Green At What Cost?
By "Tern" Jessica Leber
I have to hand it to Wired magazine—their provocative June cover certainly grabbed my attention as I passed a newsstand in my rush home. “Attention Environmentalists:” reads the headline, “Keep your SUV. Forget Organics. Go nuclear. Screw the Spotted Owl.” Say what?
The article’s contrary-for-the-sake-of-it premise is that if you want to solve our planet’s problems, your single-minded goal should be to tackle global warming, no matter the cost. If we don’t cut our carbon now, the article asks, who cares if we restore the Everglades? Florida will probably be under water anyway.
The meat of the piece involves 10 supposedly true, supposedly heretical suggestions for how to be part of a new, practically-minded breed of green. Among them: nuclear power is the answer; old-growth forests should be logged; air conditioning saves energy; urban density is good, and hybrids are bad. Read the original Wired article and these thoughtful responses (here, here and here) to help parse the good and the blatantly ridiculous in these claims.

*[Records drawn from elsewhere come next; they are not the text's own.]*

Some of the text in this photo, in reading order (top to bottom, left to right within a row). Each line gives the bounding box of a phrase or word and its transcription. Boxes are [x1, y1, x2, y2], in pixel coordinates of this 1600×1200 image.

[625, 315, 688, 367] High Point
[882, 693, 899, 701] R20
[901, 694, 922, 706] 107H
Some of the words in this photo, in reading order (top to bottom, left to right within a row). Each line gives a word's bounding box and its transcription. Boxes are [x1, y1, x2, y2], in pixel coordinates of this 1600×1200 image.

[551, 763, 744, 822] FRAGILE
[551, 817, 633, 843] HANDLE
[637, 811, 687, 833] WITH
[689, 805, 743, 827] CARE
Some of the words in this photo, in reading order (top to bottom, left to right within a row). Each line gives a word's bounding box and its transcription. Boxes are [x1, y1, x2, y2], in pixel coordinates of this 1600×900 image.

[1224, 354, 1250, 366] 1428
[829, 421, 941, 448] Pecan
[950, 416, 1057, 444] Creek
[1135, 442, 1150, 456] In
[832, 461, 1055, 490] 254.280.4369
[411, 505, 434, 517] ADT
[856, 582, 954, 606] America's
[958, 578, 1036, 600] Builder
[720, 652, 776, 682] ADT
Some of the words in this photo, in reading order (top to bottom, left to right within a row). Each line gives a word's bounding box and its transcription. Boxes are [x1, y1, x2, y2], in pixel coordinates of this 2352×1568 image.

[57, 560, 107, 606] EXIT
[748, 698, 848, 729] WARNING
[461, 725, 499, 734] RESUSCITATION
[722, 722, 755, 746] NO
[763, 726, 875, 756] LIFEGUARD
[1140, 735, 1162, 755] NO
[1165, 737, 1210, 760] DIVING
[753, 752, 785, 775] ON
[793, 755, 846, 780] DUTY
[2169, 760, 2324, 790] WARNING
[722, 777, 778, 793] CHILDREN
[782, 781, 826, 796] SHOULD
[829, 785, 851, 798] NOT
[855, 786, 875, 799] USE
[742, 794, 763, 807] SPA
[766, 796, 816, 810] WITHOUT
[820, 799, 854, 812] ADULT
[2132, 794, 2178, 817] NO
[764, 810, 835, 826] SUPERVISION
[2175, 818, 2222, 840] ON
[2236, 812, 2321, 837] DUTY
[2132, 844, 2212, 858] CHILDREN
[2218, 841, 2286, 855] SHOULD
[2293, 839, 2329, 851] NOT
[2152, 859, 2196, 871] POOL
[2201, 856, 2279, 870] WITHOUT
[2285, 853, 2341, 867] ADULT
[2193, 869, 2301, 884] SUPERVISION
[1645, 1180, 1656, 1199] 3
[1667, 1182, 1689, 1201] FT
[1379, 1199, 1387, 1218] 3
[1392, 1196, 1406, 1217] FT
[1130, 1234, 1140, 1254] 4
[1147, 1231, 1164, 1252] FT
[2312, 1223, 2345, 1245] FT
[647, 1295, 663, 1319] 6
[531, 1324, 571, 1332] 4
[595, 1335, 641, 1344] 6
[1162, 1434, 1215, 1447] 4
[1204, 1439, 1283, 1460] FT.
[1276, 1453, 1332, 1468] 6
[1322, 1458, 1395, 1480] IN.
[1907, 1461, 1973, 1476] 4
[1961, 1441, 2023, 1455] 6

But forget these specifics. I want to consider the basic principle—that we must reduce carbon at all costs--beyond my knee-jerk reaction to the spotted owl dig. The article claims to make a utilitarian argument, a balance sheet calculation that the fate of current society depends on how we respond to climate change and that, therefore, we better be ready to sacrifice other environmental priorities to avert crisis.
Undoubtedly, there are endless ways to further screw up our environment which might nudge down the global thermostat. Why stop at a few? Is this really the path we want to take? It’s this same type of tunnel-vision focus (on our economic well-being) which got us into this mess in the first place. And I don't think that minimizing the most emissions for our buck is really a sensible end goal. How about measuring our success in terms of human lives or a healthy ecosystem? When we destroy places like the Everglades and the wetlands of the Mississippi Gulf, we make our communities more vulnerable to major disasters like Katrina, for example.
The take home point for me is that, individually, we need to thoughtfully consider what it means to be an environmentalist. This is partly a question of knowledge (it’s so easy to become confused—local or organic? Dishwasher or sink?), but it’s also a question, ultimately, of what we value most. As more and more people come to prioritize action on global warming, not all will also give a hoot about the spotted owl.